Zone 3: Your Proprietary Data Topology (This is where Strategic Advantage Lives)
This is where the real opportunity lives, and it is where most companies are underinvesting because they have spent their AI budget in Zones 1 and 2.
Zone 3 is defined by data combinations no vendor can see and no vendor has the incentive to productize. These are the unusual system pairings, the proprietary data sources, and the unique business logic that make your company different from every other company in your industry. Your IoT sensor data married to your warranty claims data married to your dealer network performance. Your proprietary pricing models layered against real-time competitive intelligence and regional demand signals. The data sets that, when combined, tell a story only your company can read.
But the real insight is subtler than “use unusual data combinations”. Even when companies are working with common systems, the competitive moat often lives not in the data itself but in the business logic layer that interprets it.
Consider two manufacturers that both connect their ERP to their manufacturing execution system to their quality management platform. Same systems, same basic data flows. But one company’s competitive advantage lies in how they define an “at-risk batch” based on a specific interplay of supplier lead time variance, ambient humidity readings during production, and downstream customer complaint patterns. That definition; that interpretive logic sitting on top of common data; is what no SaaS vendor will ever build for them. The vendors will provide the plumbing. The recipe is yours to write.
This is the zone where AI investment creates genuine competitive separation. Not because you have fancier technology than your competitors, but because you are asking questions of your data that no one else has the context to ask.
The Headlights Keep Moving
One critical point that static frameworks miss: these zones shift over time. What was a Zone 3 opportunity two years ago may have migrated to Zone 2 as vendors expanded their integration ecosystems. What is in Zone 2 today will eventually slide into Zone 1 as platform AI matures. The SaaS vendors’ headlights are always advancing, and the road they illuminate grows longer every quarter.
This means your AI strategy cannot be a one-time decision. It requires ongoing awareness of your vendors’ roadmaps, their integration partnerships, and the direction of their AI development. Read the release notes. Attend the user conferences (or at least read the recaps). Watch which acquisitions your vendors make, because acquisitions signal where they are expanding their observable universe.
The companies that get the most value from AI are not necessarily the ones spending the most on it. They are the ones who know where to spend; who have mapped their own data topology, identified the intersections where their proprietary insight lives, and focused their investment there while letting their vendors handle the rest.

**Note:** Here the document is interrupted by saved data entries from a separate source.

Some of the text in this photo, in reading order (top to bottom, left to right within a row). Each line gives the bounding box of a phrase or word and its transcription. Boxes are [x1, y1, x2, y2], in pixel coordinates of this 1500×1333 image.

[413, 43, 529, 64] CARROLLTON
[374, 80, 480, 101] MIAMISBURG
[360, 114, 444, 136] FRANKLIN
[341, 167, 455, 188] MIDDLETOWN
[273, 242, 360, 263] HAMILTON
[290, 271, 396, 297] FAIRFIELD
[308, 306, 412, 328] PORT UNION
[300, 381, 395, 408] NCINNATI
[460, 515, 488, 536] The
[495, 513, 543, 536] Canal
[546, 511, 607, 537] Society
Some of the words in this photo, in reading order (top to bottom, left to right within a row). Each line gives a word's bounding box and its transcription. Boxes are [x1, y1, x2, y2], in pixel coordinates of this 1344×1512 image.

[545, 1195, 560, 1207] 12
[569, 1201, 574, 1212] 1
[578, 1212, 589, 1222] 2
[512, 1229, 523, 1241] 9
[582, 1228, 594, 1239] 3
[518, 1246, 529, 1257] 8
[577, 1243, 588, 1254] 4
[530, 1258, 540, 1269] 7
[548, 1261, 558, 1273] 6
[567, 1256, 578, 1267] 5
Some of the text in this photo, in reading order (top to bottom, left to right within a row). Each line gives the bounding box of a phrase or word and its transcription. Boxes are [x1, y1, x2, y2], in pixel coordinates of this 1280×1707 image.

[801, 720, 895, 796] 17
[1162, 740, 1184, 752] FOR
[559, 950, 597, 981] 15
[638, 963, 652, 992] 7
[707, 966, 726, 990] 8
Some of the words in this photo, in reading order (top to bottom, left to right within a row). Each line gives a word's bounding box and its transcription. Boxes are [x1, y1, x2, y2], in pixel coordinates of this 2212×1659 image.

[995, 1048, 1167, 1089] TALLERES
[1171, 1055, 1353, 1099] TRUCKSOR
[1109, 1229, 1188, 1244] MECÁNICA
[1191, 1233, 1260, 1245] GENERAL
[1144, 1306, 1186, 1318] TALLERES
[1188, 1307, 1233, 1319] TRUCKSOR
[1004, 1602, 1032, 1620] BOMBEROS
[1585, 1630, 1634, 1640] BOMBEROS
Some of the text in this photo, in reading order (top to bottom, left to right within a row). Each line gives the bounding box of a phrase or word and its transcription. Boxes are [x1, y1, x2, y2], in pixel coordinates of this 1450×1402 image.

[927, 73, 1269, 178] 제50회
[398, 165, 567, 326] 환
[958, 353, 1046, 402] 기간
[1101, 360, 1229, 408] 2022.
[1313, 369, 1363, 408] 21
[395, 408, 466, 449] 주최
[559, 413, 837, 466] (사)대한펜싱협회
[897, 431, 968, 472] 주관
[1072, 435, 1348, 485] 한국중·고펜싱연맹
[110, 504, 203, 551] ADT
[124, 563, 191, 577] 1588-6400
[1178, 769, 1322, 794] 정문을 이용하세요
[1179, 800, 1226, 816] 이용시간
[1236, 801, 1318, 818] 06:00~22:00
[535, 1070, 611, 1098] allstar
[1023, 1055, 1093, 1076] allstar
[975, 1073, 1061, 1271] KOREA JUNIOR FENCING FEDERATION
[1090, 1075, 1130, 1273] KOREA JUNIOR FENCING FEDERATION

Darkness on the Road is the Signal
The instinct when you see brighter headlights on the road ahead is to follow them. In the AI landscape, that instinct leads companies to build where the vendors are already headed, which is precisely the wrong place to invest.
The better instinct is to look at where the headlights are not shining. The darkness on the road is not a risk; it is the signal. It tells you where no vendor is driving, where no off-the-shelf AI is coming, where the questions have not been asked yet because only your company has the context to ask them.
Stop building what your software vendors are about to give you for free. Start building where they never will.